Fregat-M
Image credit: NPO Lavochkin
 ロシアのコメルサント紙などは10月15日、次の打ち上げで使われるフレガートM上段を輸送中の貨物列車が、走行中に脱線したと報じた。
 このフレガートMは、今月下旬に予定されているロシアの軍用通信衛星メリディアーンの7号機の打ち上げで使われるもので、両機はソユーズ2.1aロケットに搭載され、現時点では10月22日に、プレセツク宇宙基地から打ち上げられる予定となっている。

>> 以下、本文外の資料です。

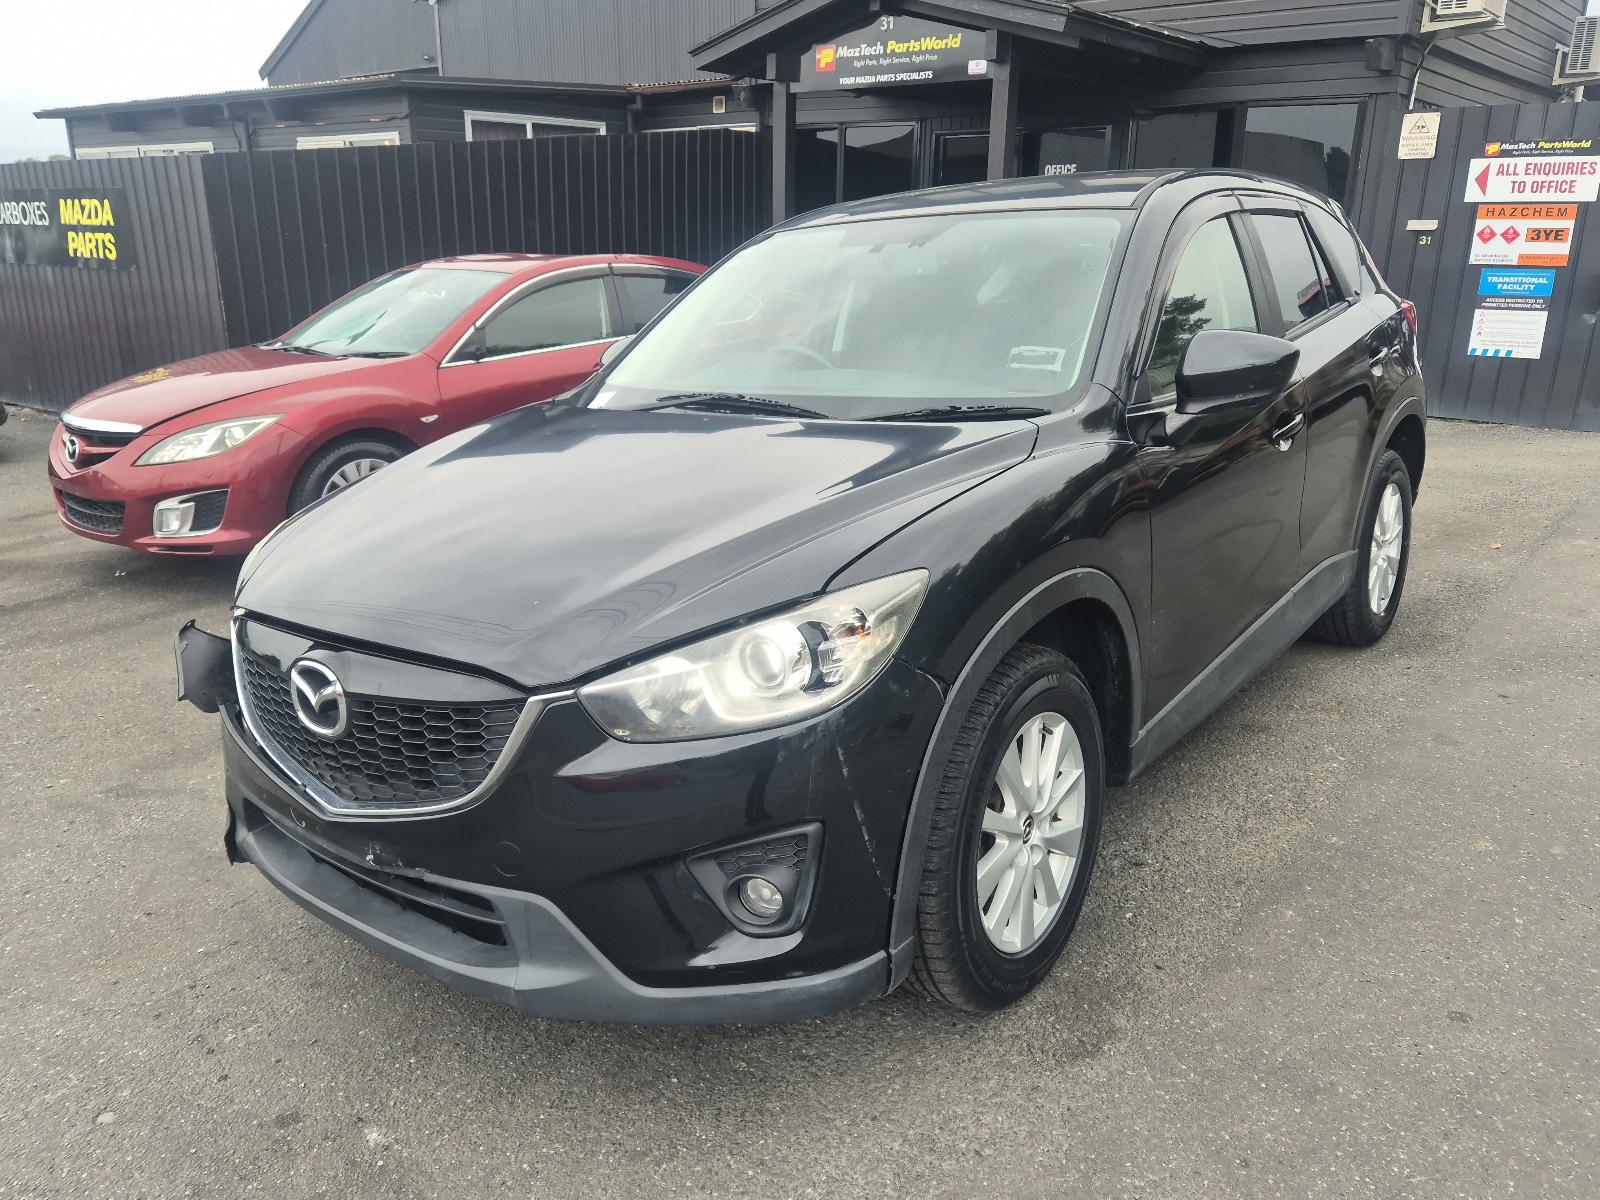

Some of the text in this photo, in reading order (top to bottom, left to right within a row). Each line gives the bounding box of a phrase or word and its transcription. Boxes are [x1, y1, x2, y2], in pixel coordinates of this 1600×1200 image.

 コメルサント紙の記事や、またイタル・タス通信などの記事によれば、事故が起きたのは今月はじめのことで、フレガートMを貨物列車に載せ、プレセツク宇宙基地内の燃料充填施設へ運んでいた際に、車軸の1本が外れて脱線したという。またRussianSpaceWebが報じたところによれば、脱線から停止までの間に3から5mほど移動し続けたとのことだ。
 事故後、コンテナの中に入っていたフレガートMは追加の試験を受けることになったが、幸いにも損傷などは見つからなかったとされる。現在では燃料の充填やソユーズ・ロケットとの結合の準備がすでに整っており、打ち上げに支障は無いとのことだ。ただし「打ち上げ日時」への影響に関しては言及されておらず、これは機体への支障が無いということであり、打ち上げ日時は遅れる可能性はある。

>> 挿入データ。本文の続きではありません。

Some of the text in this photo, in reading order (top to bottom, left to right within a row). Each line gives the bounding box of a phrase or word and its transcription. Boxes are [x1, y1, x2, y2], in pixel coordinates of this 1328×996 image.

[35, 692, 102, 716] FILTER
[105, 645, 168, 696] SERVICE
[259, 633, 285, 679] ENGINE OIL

 フレガートはロシアのNPOラーヴォチキン社によって開発・製造されている上段で、ソユーズやゼニート・ロケットで使われている。非対称ジメチルヒドラジンと四酸化二窒素を推進剤とし、最大3日間の軌道滞在と、20回以上ものエンジンの再着火が可能だ。またタンク形状が異なるいくつかの種類が存在し、今回のミッションで使われるのはフレガートMと名付けられたバージョンだ。

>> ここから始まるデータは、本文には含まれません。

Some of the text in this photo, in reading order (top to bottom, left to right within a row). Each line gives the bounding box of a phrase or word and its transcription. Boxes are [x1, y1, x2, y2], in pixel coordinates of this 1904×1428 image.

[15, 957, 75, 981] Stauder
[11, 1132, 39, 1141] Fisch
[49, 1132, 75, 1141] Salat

 そのバリエーションのひとつ、フレガートMTは、今年8月に欧州版GPSことガリレオ計画の衛星2機を載せ、ソユーズ・ロケットでギアナ宇宙センターから打ち上げられたものの、トラブルを起こし、予定より低い軌道に衛星を投入してしまっている。このときは、設計ミスにより燃料の配管が凍り、詰まってしまったためと結論付けられている。